Ван ошеломленно смотрит на меня. Он не понимает. Ручка лежала у меня в сумке. Я ее не доставала. Она просто пропала. Она была со мной на барже. Я рисовала ею иероглиф «двойное счастье». А на следующий день, когда я звонила мисс Фоули, не смогла ее найти.
– Прошлым летом я со своим другом Уиллемом, ну, мы пришли сюда, думая, что нас пустят переночевать. Он сказал, что в сквоты пускают, – я умолкаю. Ван едва заметно кивает. – Тут никого не было. Но мы увидели, что окно открыто. Мы спали тут, в вашей студии, а когда я на следующее утро встала, моего друга Уиллема уже не было.

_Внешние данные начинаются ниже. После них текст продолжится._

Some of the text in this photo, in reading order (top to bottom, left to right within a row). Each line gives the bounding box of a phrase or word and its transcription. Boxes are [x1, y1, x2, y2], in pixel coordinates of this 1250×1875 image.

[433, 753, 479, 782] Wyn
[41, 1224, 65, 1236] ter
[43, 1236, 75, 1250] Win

Я готовлюсь к тому, что Ван будет недоволен, но он все смотрит на меня, пытаясь понять, почему я вцепилась в эту ручку с «Пульмоклиром», как в меч.

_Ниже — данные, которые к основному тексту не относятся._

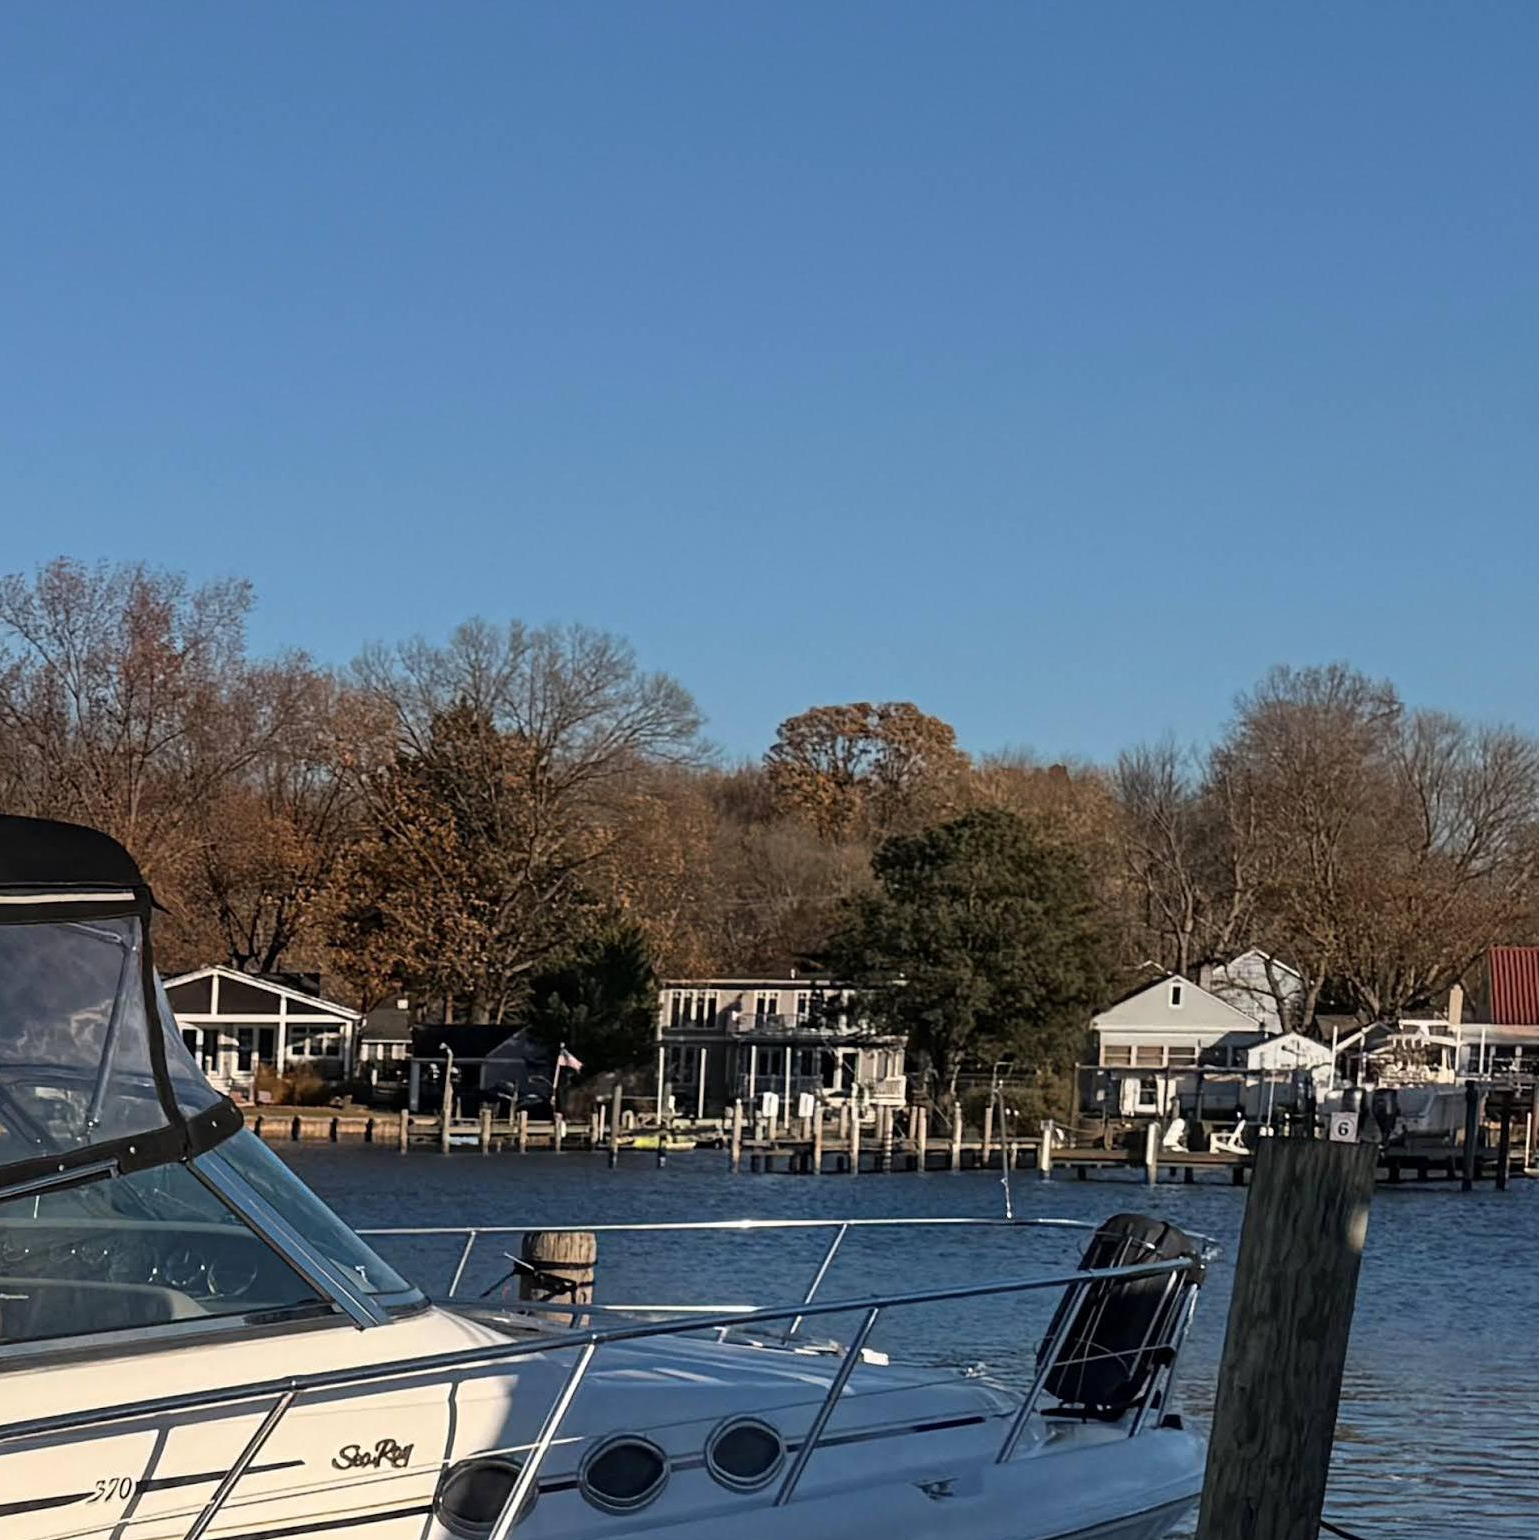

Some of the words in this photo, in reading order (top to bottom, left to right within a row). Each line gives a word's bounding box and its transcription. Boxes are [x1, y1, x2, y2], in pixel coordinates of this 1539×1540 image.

[1338, 1121, 1349, 1137] 6
[331, 1444, 374, 1470] Sea
[374, 1438, 414, 1469] Ray
[86, 1476, 133, 1504] 370

– Эта ручка была у меня в сумке, а потом пропала, и вот я ее нашла, может, была какая записка или еще что…
Ван все так же невозмутим, я уже готова извиниться и за то, что мы тогда сюда влезли, и за то, что я снова пришла, но тут я кое-что замечаю – словно первые предрассветные лучи, какое-то воспоминание освещает его лицо. Он постукивает указательным пальцем по переносице.

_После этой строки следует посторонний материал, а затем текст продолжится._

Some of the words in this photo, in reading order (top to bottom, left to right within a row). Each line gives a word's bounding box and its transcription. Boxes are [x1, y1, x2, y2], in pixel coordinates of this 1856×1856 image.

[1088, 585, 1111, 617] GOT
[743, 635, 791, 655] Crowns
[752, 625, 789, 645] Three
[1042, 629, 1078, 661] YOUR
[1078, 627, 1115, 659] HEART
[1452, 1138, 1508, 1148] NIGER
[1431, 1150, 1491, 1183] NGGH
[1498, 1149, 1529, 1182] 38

– Я действительно что-то находил; но подумал, что это список покупок.
– Покупок?
– Там было что-то про, про… не помню, может, хлеб с шоколадом?
– Хлеб с шоколадом? – Это же основной рацион Уиллема. Сердце готово выскочить из груди.
– Не помню. Я думал, что это мусор. Я уезжал на праздники, потом вернулся, все было в беспорядке. Я выбросил. Мне очень жаль, – он действительно расстроен.
Мы пробрались в его студию, насвинячили, а он чувствует себя виноватым.
– Нет, не переживайте. Вы очень помогли. А как список покупок тут вообще мог оказаться? В смысле, может, вы их пишете?
– Нет. А если бы и писал, хлеба с шоколадом в нем не было бы.
Я улыбаюсь.
– А не могла это быть записка?
– Возможно.
– Мы собирались есть хлеб с шоколадом на завтрак. Да и моя ручка тут нашлась.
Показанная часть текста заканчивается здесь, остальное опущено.